# Huge mistake???



## nctsnewbies (Feb 7, 2013)

My SO and I just (yesterday) purchased a time share from Festiva Hospitality Group. I felt okay about it since they weren't incredibly pushy. But then I got to reading the Better Business Bureau reviews on this company. They are rated a C-. I have heard that their Maintenance Fees won't go up, but they will charge you a special assessment above and beyond their maintenance fees that was not mentioned at all yesterday. I also heard that people are having an incredibly hard time using their website and getting to actually use their points. We need easy or not at all. I guess I would like to how to rescind this contract. I believe I have 5 days in NC. I already typed up the letter per your suggestion to someone else that came up in the search results. I'm not sure they gave us paperwork on how to rescind. I haven't been able to look yet because my packet is at home and I'm at work. They seem like a decent company with a lot of good things going for them. They just have some really poor customer service issues, and kinks I would like to see worked out before I buy from them later on maybe.


----------



## winnipiseogee (Feb 7, 2013)

Rescind your purchase.  Do it immediately!  You only have a few days to rescind.  Read all of the documents you were given and follow the recision procedures exactly.   It would be rather unusual for them not to include the rescision procedurs but if they didn't someone smarter than me on this BBS can probably tell you what you need to do.

If you decide that you do want to buy a timeshare with that group then you can probably buy it off of ebay for $1 saving yourself huge amounts of money.

Timeshares can be wonderful things but it is almost never a good idea to buy from the developer.

Best of luck and be happy you found a way to get out before its too late.


----------



## Rent_Share (Feb 7, 2013)

One seller conveniently placed the all documents on a CD, not everyone brings a computer on vacation.


----------



## LannyPC (Feb 7, 2013)

nctsnewbies said:


> They seem like a decent company with a lot of good things going for them.
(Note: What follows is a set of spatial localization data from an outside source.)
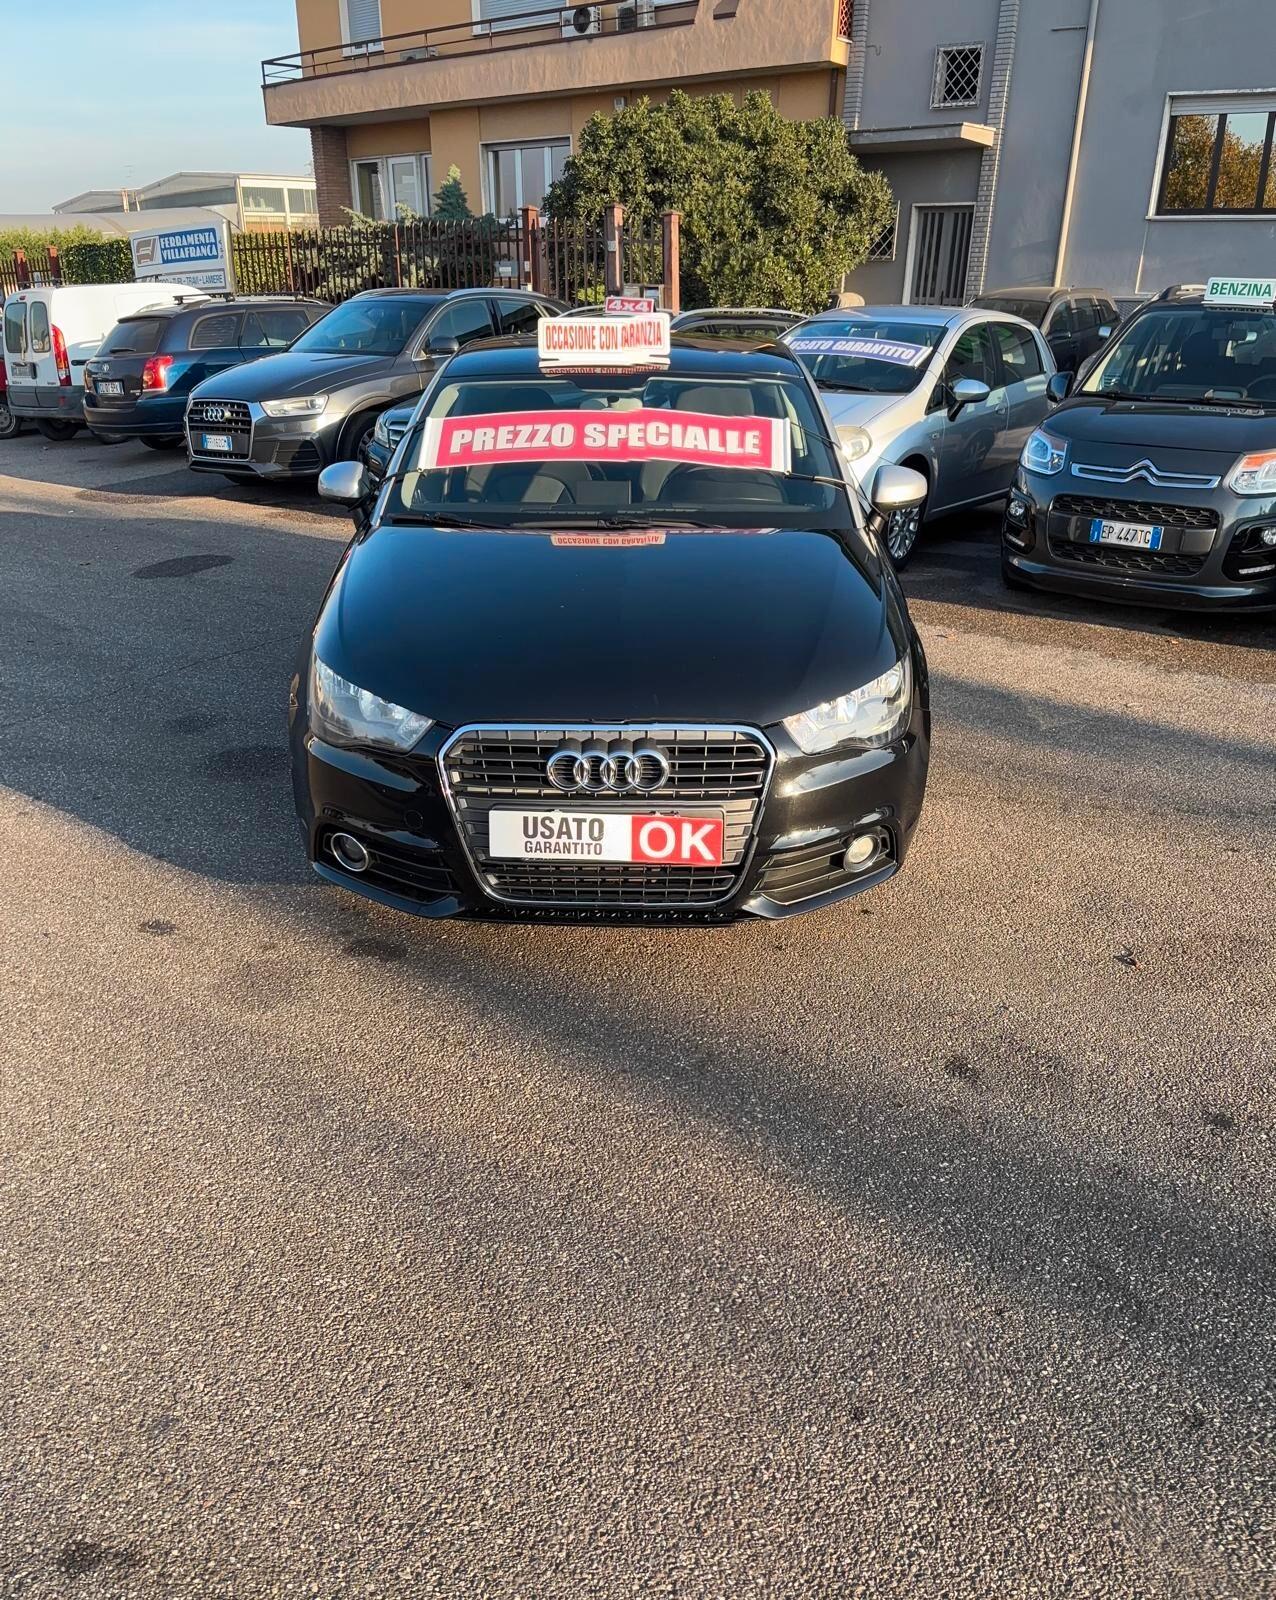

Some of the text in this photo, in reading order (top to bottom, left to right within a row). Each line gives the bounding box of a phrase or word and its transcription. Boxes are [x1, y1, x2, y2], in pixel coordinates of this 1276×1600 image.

[160, 232, 216, 248] FERRAMENTA
[162, 244, 218, 260] VILLAFRANCA
[1209, 282, 1272, 297] BENZINA
[608, 300, 650, 312] 4x4
[545, 324, 596, 351] OCCASIONE
[600, 325, 618, 351] CON
[790, 340, 916, 360] USATO GARANTITO
[449, 423, 574, 454] PREZZO
[1101, 525, 1114, 539] EP
[522, 815, 605, 842] USATO
[524, 840, 603, 856] GARANTITO
[639, 820, 716, 862] OK
They just have some really poor customer service issues, and kinks I would like to see worked out before I buy from them later on maybe.



It's not really a matter of if FHG is a good company or not.  The issue is that almost any purchase from the developer at a timeshare presentation is way overpriced.

As Winnipisogeee stated, you can probably get the exact same thing on E-bay and elsewhere for $1 or so.

When you received the offer to attend the presentation in exchange for some sort of gift (cash, tickets, gift card, etc.), were you actually contemplating buying a timeshare?  If not, then I recommend you read these boards carefully for at least a few months and weigh all the pros and cons carefully before deciding to buy.  You may even want to consider renting first to see if timesharing will be for you.


----------



## Passepartout (Feb 7, 2013)

Rescind ASAP. Not that it isn't a great deal, but at least learn about their operation in particular and timeshares in general. You wouldn't make such a major purchase with ongoing- and increasing- costs without being fully informed, so don't do it with a timeshare.

The information- including the address of where to send a rescission letter will be in the packet, but probably not prominently. Look toward the end in the small print.

You don't need anything fancy, just: I/We _________ wish to exercise our right of rescission on contract #_______ dated _______

Signed ______________ (both people who signed the original contract).

Send it certified w/return receipt.

Best wishes, and Welcome to TUG. We generally like and use our timeshares, but learn first, buy later- if at all, and buy resale.

Jim Ricks


----------



## lcml11 (Feb 7, 2013)

LannyPC said:


> It's not really a matter of if FHG is a good company or not.  The issue is that almost any purchase from the developer at a timeshare presentation is way overpriced.
> 
> As Winnipisogeee stated, you can probably get the exact same thing on E-bay and elsewhere for $1 or so.
> 
> When you received the offer to attend the presentation in exchange for some sort of gift (cash, tickets, gift card, etc.), were you actually contemplating buying a timeshare?  If not, then I recommend you read these boards carefully for at least a few months and weigh all the pros and cons carefully before deciding to buy.  You may even want to consider renting first to see if timesharing will be for you.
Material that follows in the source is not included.